RC40 card cipher
The Solitaire cipher is perhaps the best known encryption algorithm implemented with a deck of cards. Ignoring security, it has a few drawbacks. It’s pretty complicated. I can never quite remember the rules. Sure, with practice it’s possible to memorize, but ideally we want something easy to teach. It’s also pretty slow. Even with practice, the shuffling and cutting manipulations take time.
Critically, in this modern age of bitcoins and twitter handles, the supported character set is also a bit limited. Letters only. If we need to transmit a message like “The password is Hunter2.” that could be trouble. Oh, and no spaces.
Maybe we can do better?
Presenting the RC40 cipher. It’s based on RC4. RC4 has lost some of its luster recently, but a few words of praise. It’s amazingly simple. You can fit a C implementation into a single tweet. Unlike nearly every other conventional cipher, it doesn’t require any advanced bit twiddling tricks. Just some easy array swaps.
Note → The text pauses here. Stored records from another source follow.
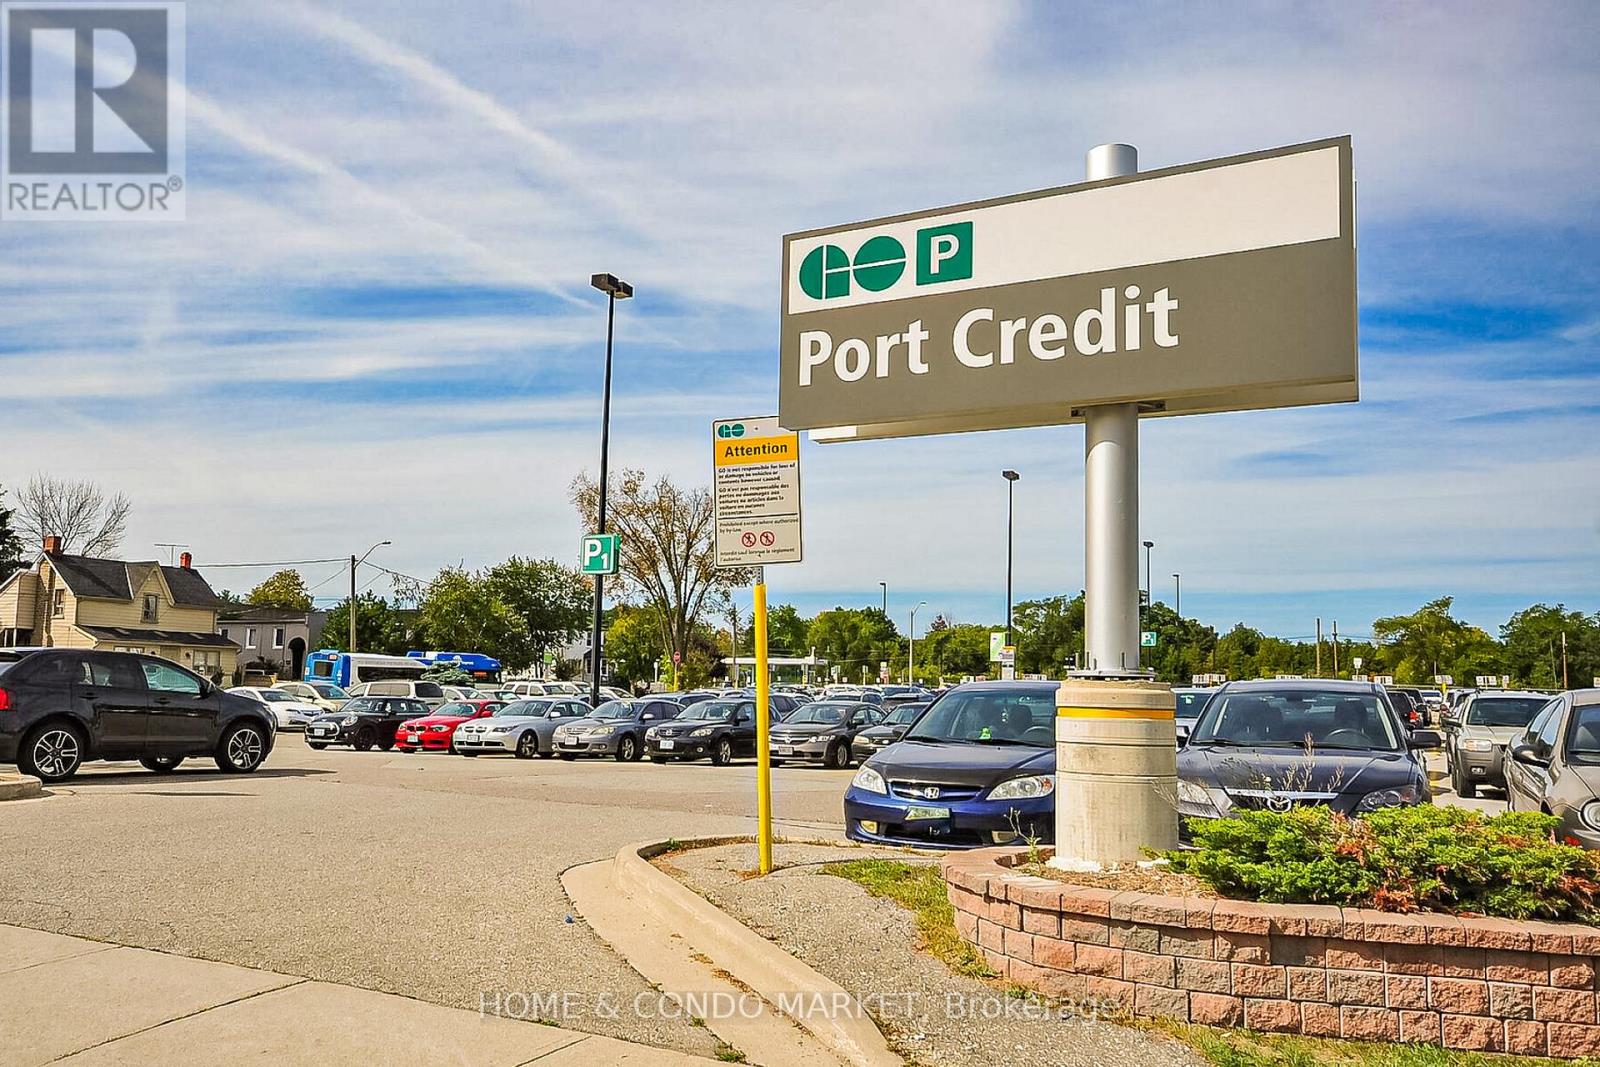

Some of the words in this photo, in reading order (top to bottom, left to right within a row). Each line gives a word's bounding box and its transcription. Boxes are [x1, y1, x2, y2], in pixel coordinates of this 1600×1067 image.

[798, 235, 907, 301] GO
[929, 233, 961, 275] P
[798, 318, 930, 387] Port
[952, 284, 1180, 369] Credit
[717, 423, 745, 438] GO
[724, 442, 788, 458] Attention
It’s not perfect, but it works way better than one might imagine just looking at the description. Easy to perform, easy to memorize steps are just what we’re looking for.
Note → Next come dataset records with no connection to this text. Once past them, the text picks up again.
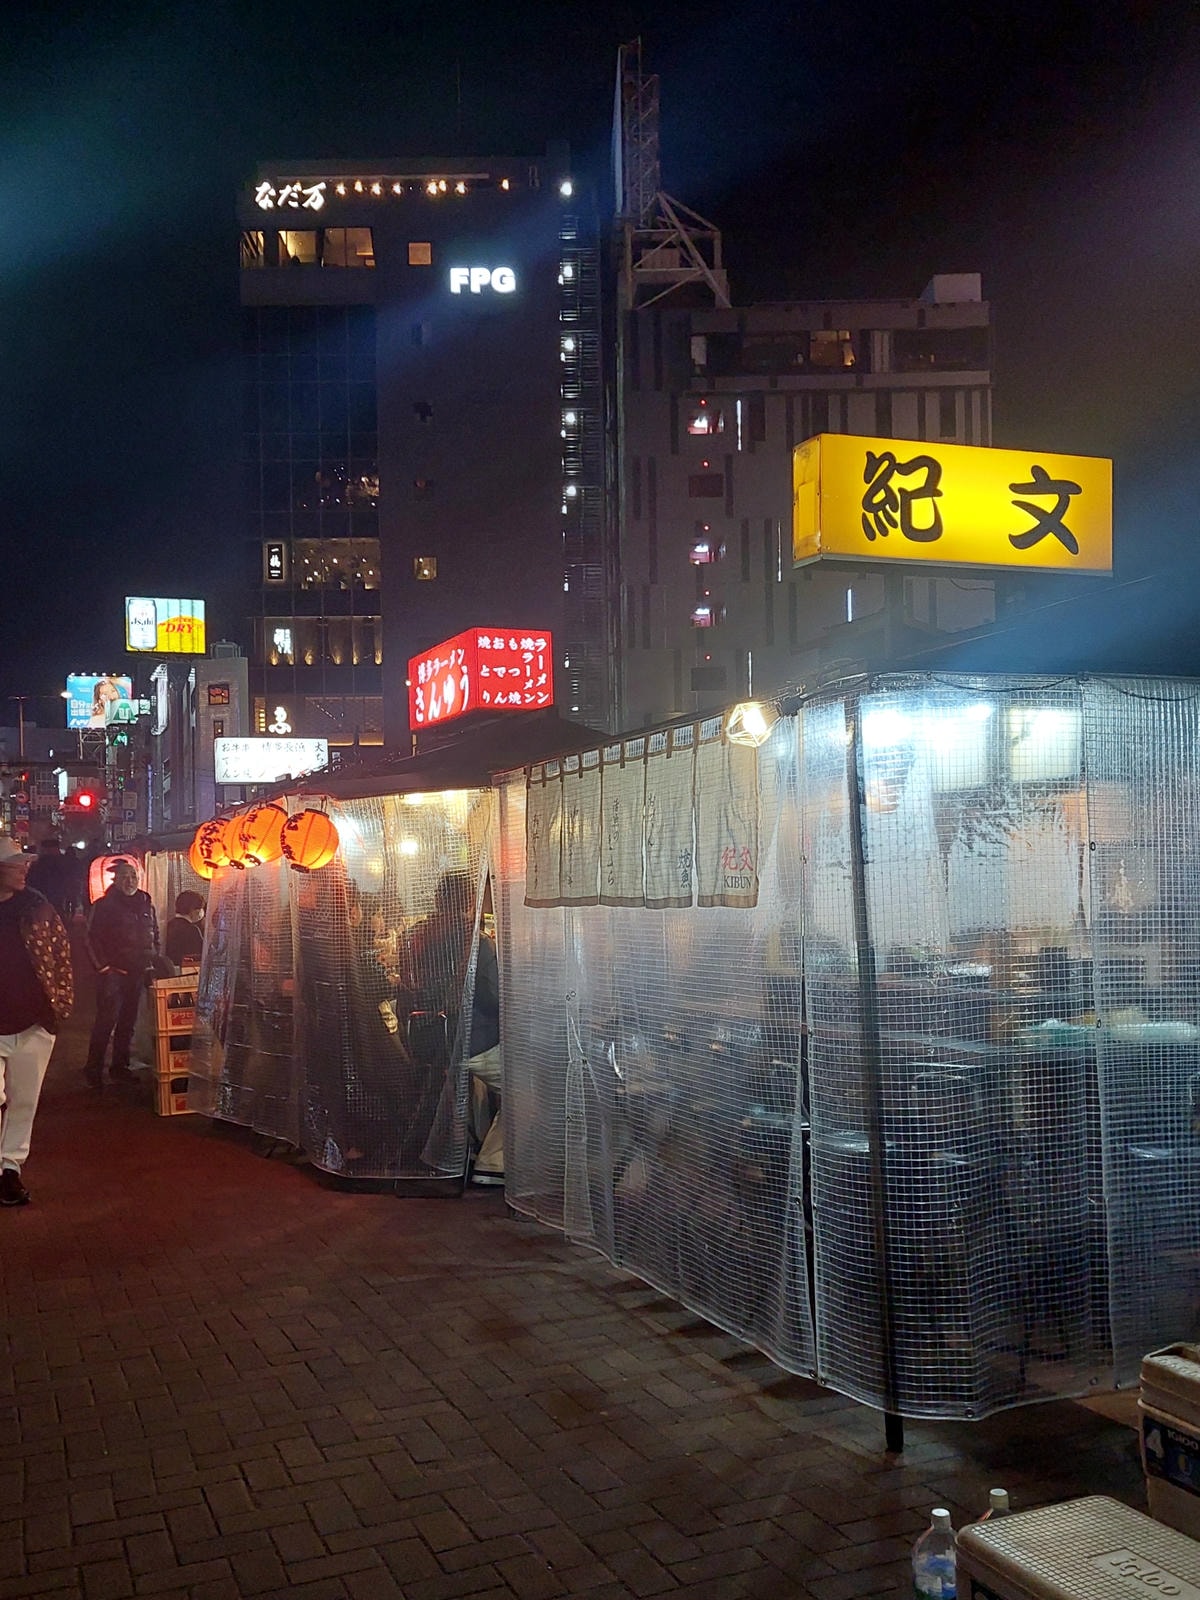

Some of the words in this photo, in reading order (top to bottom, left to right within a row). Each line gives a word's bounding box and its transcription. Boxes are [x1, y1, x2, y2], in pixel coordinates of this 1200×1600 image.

[254, 181, 327, 210] なだ万
[449, 266, 517, 294] FPG
[861, 450, 1083, 556] 紀文
[165, 623, 194, 634] DRY
[126, 810, 134, 820] P
[721, 846, 754, 872] 紀文
[723, 875, 752, 889] KIBUN
[1167, 1429, 1199, 1451] IGLOO
[1109, 1556, 1182, 1596] igloo
The core of RC4 is an array of 256 bytes, one of each value. If we cut that back to 40 values, we can represent it with a deck of cards. There’s also two index variables, for which we might use a penny and nickel. Or a paperclip and balled up gum wrapper. Just not two monopoly pieces. That would be suspicious.
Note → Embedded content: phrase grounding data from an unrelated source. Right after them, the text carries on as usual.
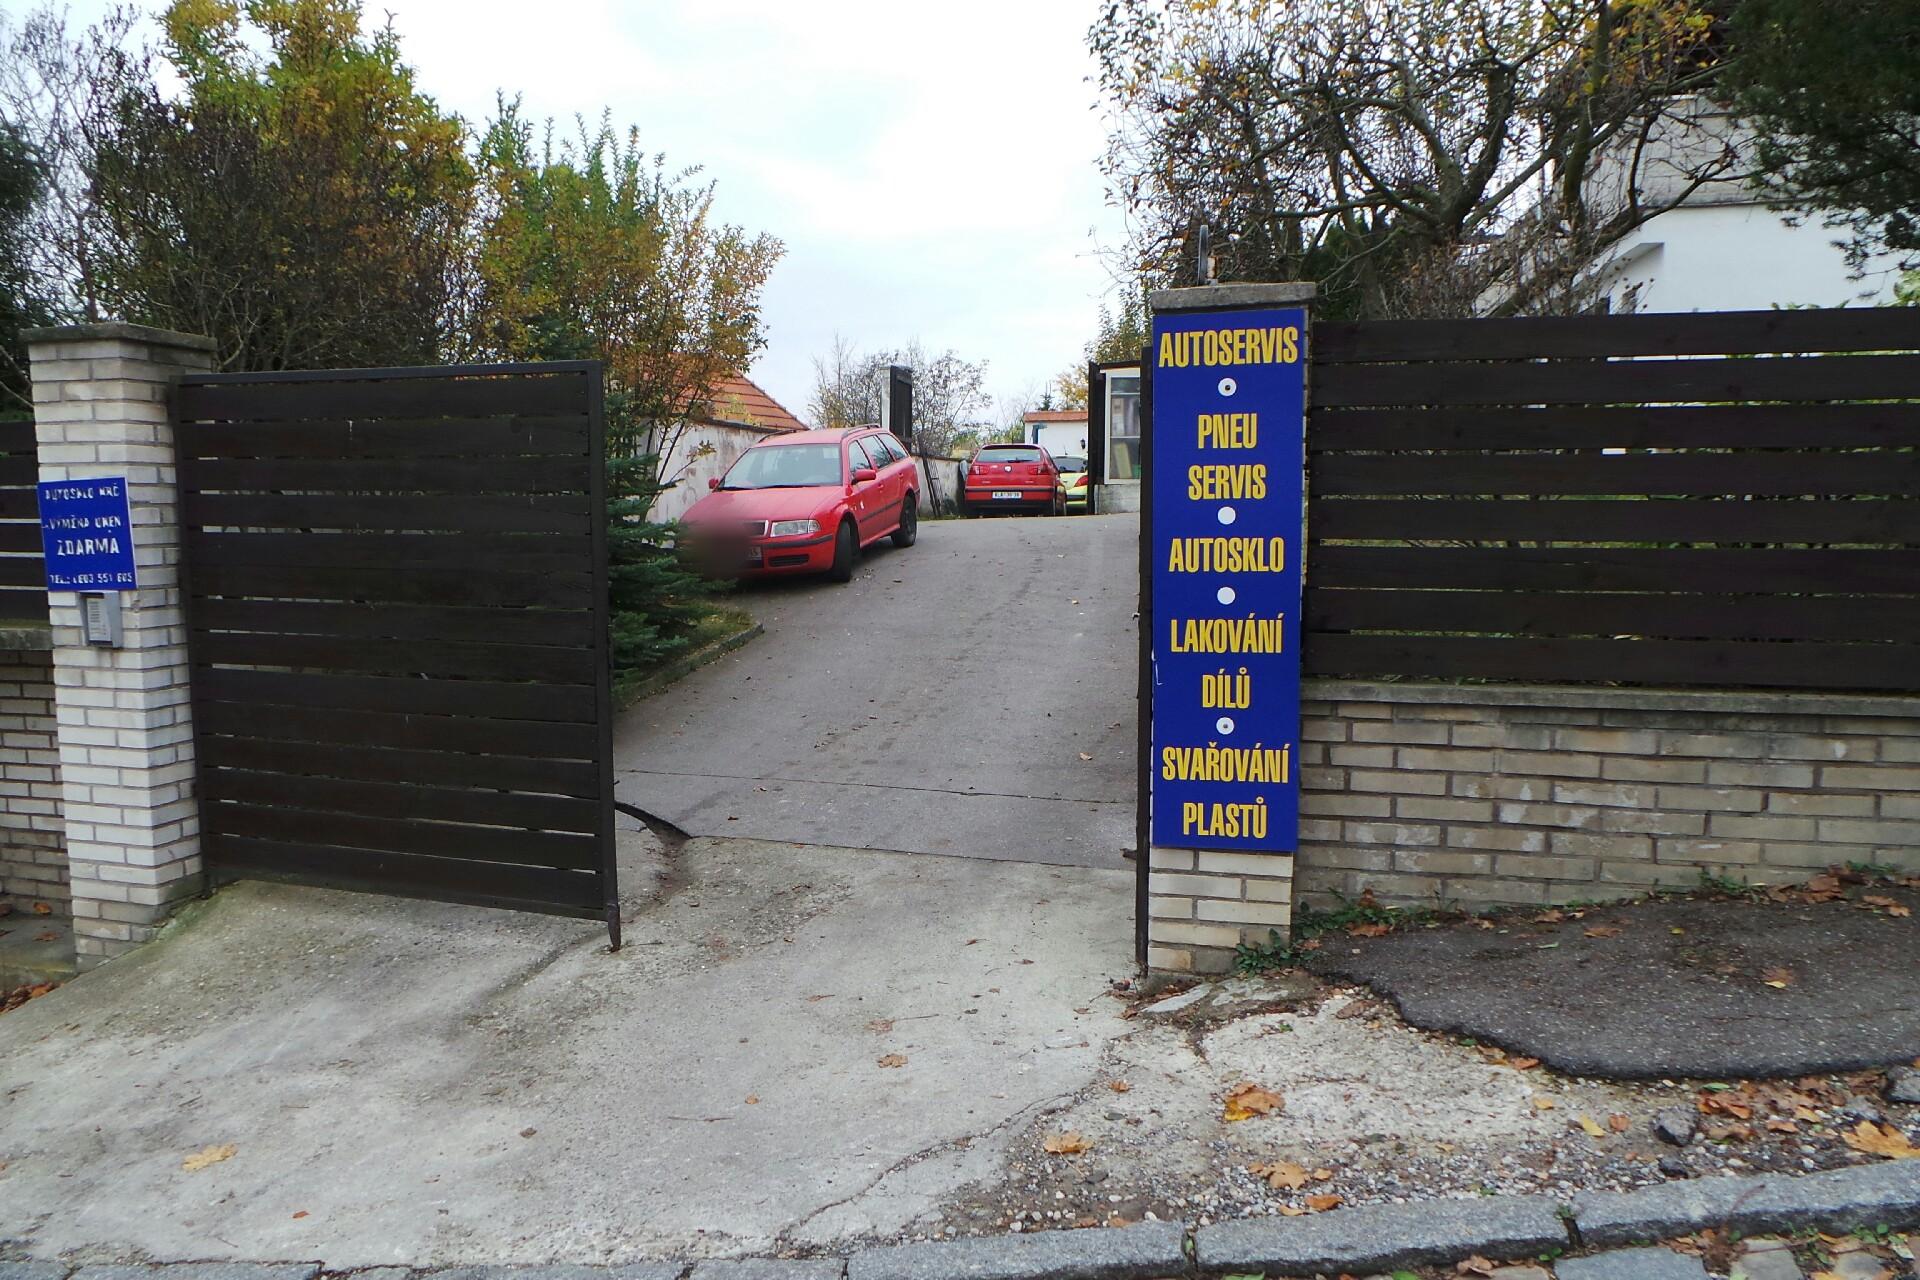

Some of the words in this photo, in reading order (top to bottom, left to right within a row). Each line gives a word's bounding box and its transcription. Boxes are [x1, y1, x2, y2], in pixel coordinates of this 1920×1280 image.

[1158, 326, 1298, 368] AUTOSERVIS
[1197, 413, 1258, 449] PNEU
[1188, 463, 1267, 500] SERVIS
[56, 537, 121, 556] ZDARMA
[1168, 537, 1285, 573] AUTOSKLO
[1170, 612, 1285, 654] LAKOVÁNÍ
[1202, 667, 1251, 709] DÍLŮ
[1162, 741, 1291, 784] SVAŘOVÁNÍ
[1183, 796, 1268, 839] PLASTŮ
Why 40? Because it’s easier for me to work in base ten. As we’ll see, for most operations, we can separate the suit from the face value, so any multiple of four works, but ten is bit simpler. Crucially, 40 is enough to handle a variety of messages, including email addresses and bitcoin addresses and just about anything else you’d like encode.
40 characters is enough for 26 letters, 10 numbers, and 4 punctuation marks. For punctuation, we choose the essential period, question mark, and space. Plus “shift”. This gives us upper case, plus a host of other symbols if we choose to allow shifted numbers. By convention, two shifts in a row are interpreted as caps lock. This gives us an efficient, flexible encoding to faithfully represent most messages.
How do we encode “The password is Hunter2.”?
(shift)the password is (shift)hunter2.
Seems less likely to be misinterpreted, no? How do we encode “Burrito SALE 2 @ $7.99”? (Not even going to try this one in Solitaire.)
(shift)burrito (shift)(shift)sale(shift)(shift) 2 (shift)2 (shift)47.99
And besides all that, given the origins of our cipher, RC40 is a pretty sick name. It’s got to be 40.
We use the number cards and aces for one. The face cards can be set aside. The value of the card is the face value, plus 10 times suit. 0, 1, 2, 3 for clubs, diamonds, hearts, and spades. For people who don’t play bridge, this order is conveniently alphabetical. This gives us the numbers 1 through 40.
Now that we have a card to represent each of our 5.32 bit bytes (I believe the PDP-7 used 5.32 bit bytes. Or was it the PDP-8?), we’re ready to execute the RC40 algorthm. It’s exactly the same as the RC4 algorithm, except every instance of 256 is replaced by 40. Simple, no?
Detailed instructions for generating the keystream. Assuming the cards are laid out in four rows on the table, using a penny and nickel. Advance the penny one card. Read that card and advance the nickel that many places. Swap the cards under the coins. Read the cards under the coins and add the two values. Output one keystream byte. 20 GOTO 10.